Hospice care is typically given in the patient's home but also may be given in inpatient hospice units. Hospice care does not provide 24 hour around the clock nursing care, so many patients are either cared for by family members, hired caregivers, or nursing home staff.
History of Hospice Care
The concept of hospice as an holistic, interdisciplinary approach to end-of-life care began in Great Britain during the 1960s. The Medicare Hospice Benefit was passed in the United States in 1982, and has served as the basis of the hospice model of care in the U.S. and as a model for Medicaid (Medi-cal) and private insurance provision and reimbursement.
Hospice Care and Palliative Care
Hospice care is one form of palliative care with the goal to alleviate symptoms and improve quality of life. In contrast to traditional palliative care, hospice care is appropriate when there is a life expectancy of six months or less. When curative treatments are no longer working and/or a patient no longer desires to continue them, hospice becomes the care of choice. Traditional palliative care, on the other hand, can be given at any time during the course of an illness and in conjunction with curative and aggressive treatments.
The mission of hospice is to affirm life and view death as a natural process. Hospice is not designed to hasten death or “help” someone die, but rather to help patients live the remainder of their lives as fully as possible. Most people, if asked, will say they dream of a peaceful, comfortable death surrounded by their loved ones. An interdisciplinary team of trained professionals work together to deliver hospice services that can make that dream a reality.
Services provided by hospice have been defined by the Medicare Hospice Benefit and are the same whether hospice care is covered by Medicare, Medicaid (or Medi-cal in California), private insurance, or charity. They include:
- Nursing services - A patient is assigned a case manager nurse who typically visits 1 to 3 days a week. Patients and their caregivers also have access to 24-hour on-call nurses.
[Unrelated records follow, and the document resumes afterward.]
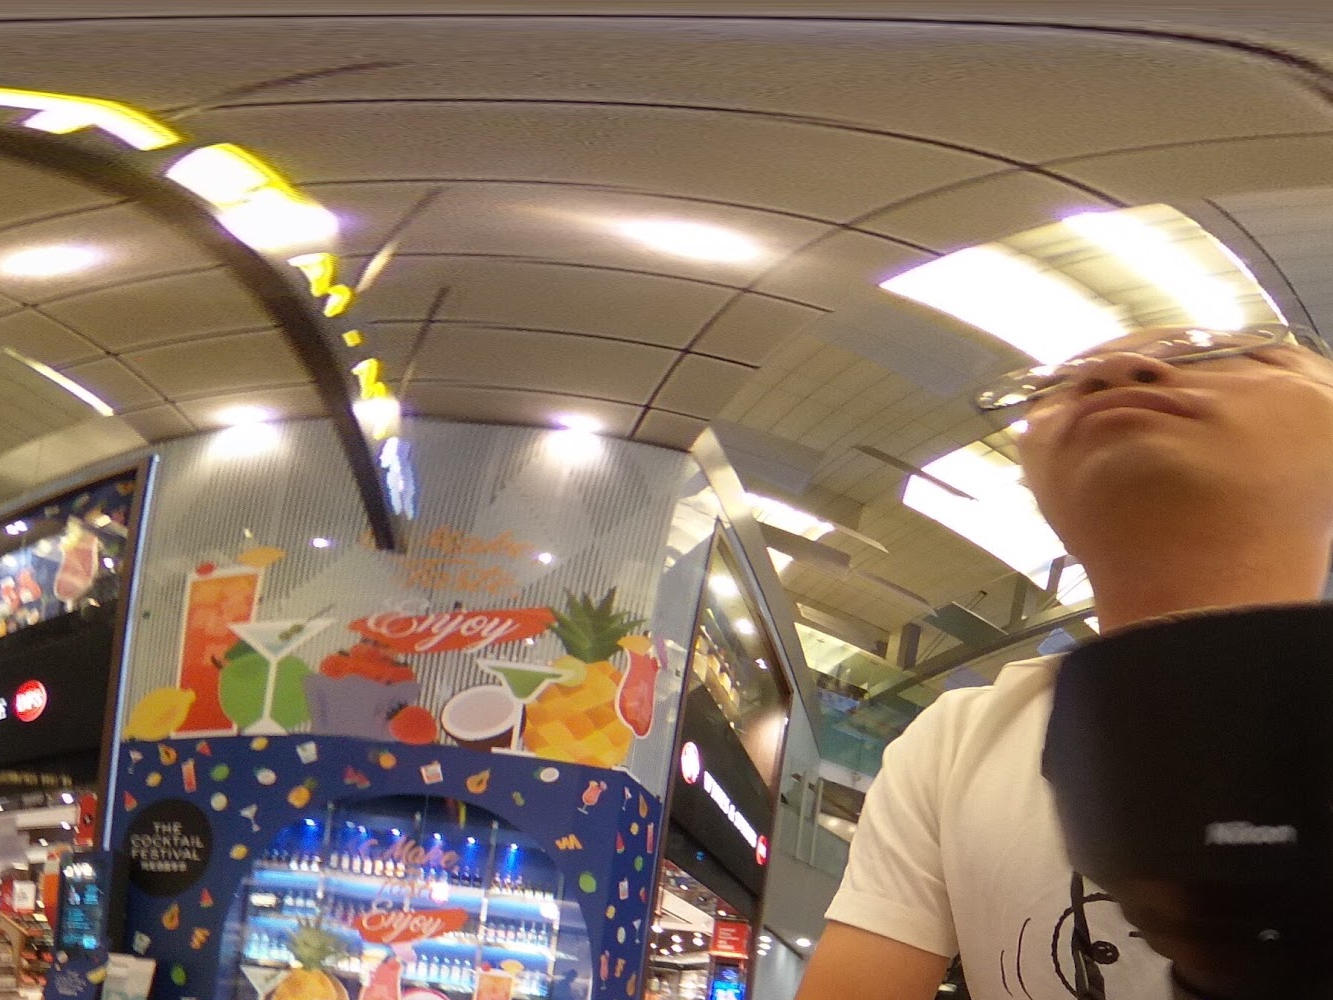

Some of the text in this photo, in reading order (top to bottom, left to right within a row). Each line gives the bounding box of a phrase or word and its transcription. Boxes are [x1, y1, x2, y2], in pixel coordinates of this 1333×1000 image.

[367, 597, 521, 654] Enjoy
[152, 820, 183, 835] THE
[129, 833, 206, 849] COCKTAIL
[130, 846, 202, 862] FESTIVAL
[361, 897, 446, 944] Enjoy
- Physician participation - Patients are often cared for by their regular physician in cooperation with a hospice medical director.
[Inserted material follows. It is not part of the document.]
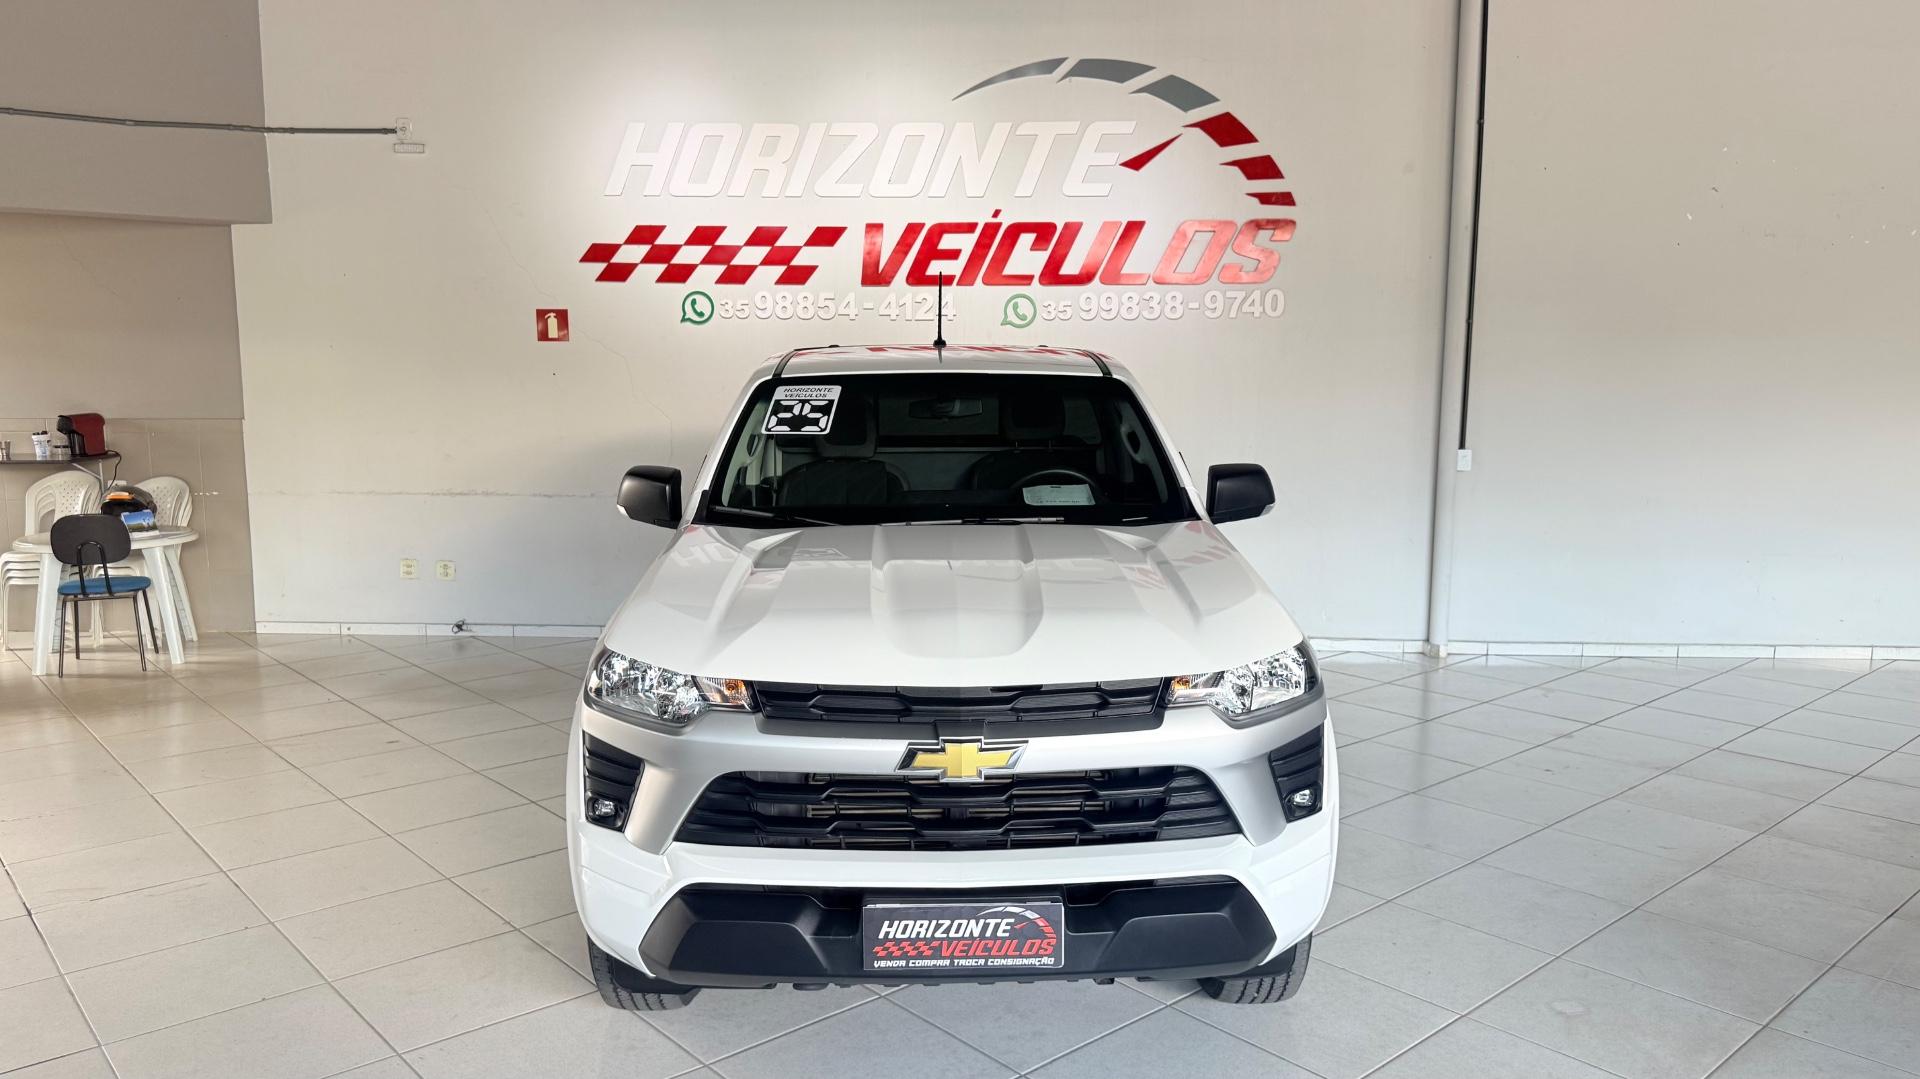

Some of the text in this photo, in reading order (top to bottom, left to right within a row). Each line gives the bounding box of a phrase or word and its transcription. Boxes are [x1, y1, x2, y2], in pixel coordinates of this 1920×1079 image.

- Medical social services - Patients are assigned a social worker to assist them with emotional and social needs.
- Counseling Services - may include pastoral or spiritual support, bereavement counseling for family and caregivers up to one year after patient's death, and dietary services as appropriate.
- Home health aide (HHA) services - HHA help patients with their personal care and typically visit 2 to 3 times per week.
- Medications - Hospice typically covers all medications that are related to the hospice diagnosis and those that are intended to alleviate symptoms.
- Medical equipment - Equipment that is necessary for providing safe, comfortable care in the patients home environment is supplied by hospice. This may include a hospital bed, wheelchair, and oxygen.
- Other medical supplies that are needed to provide care is provided by hospice. Supplies may include adult diapers, bandages, and latex gloves.
- Laboratory and other diagnostic studies that are related to the terminal illness
- Therapists as appropriate, which may include
Additional services may be available through individual hospice agencies through their volunteer and charity programs.
How to Know if Hospice Is Right for You or Your Loved One
Hospice care is appropriate when a patient has a terminal illness with a life-expectancy of six months or less. It is important to note that a life expectancy is never “by the book.” Some patients with a life expectancy of six months will live much longer and some will die much sooner than expected. It is generally accepted that the sooner a patient can access hospice services, the more they will benefit from the care received.
A patient is ready for hospice when they have decided to pursue treatments meant only to promote comfort, not cure the illness. Those treatments may include medications to relieve pain, nausea, shortness of breath, loss of appetite, muscle cramps, itching, hiccups, and many more. Other more aggressive treatments, such as blood transfusions, chemotherapy, and radiation, may be appropriate under hospice care when the goal is to alleviate pain and discomfort, not cure the disease.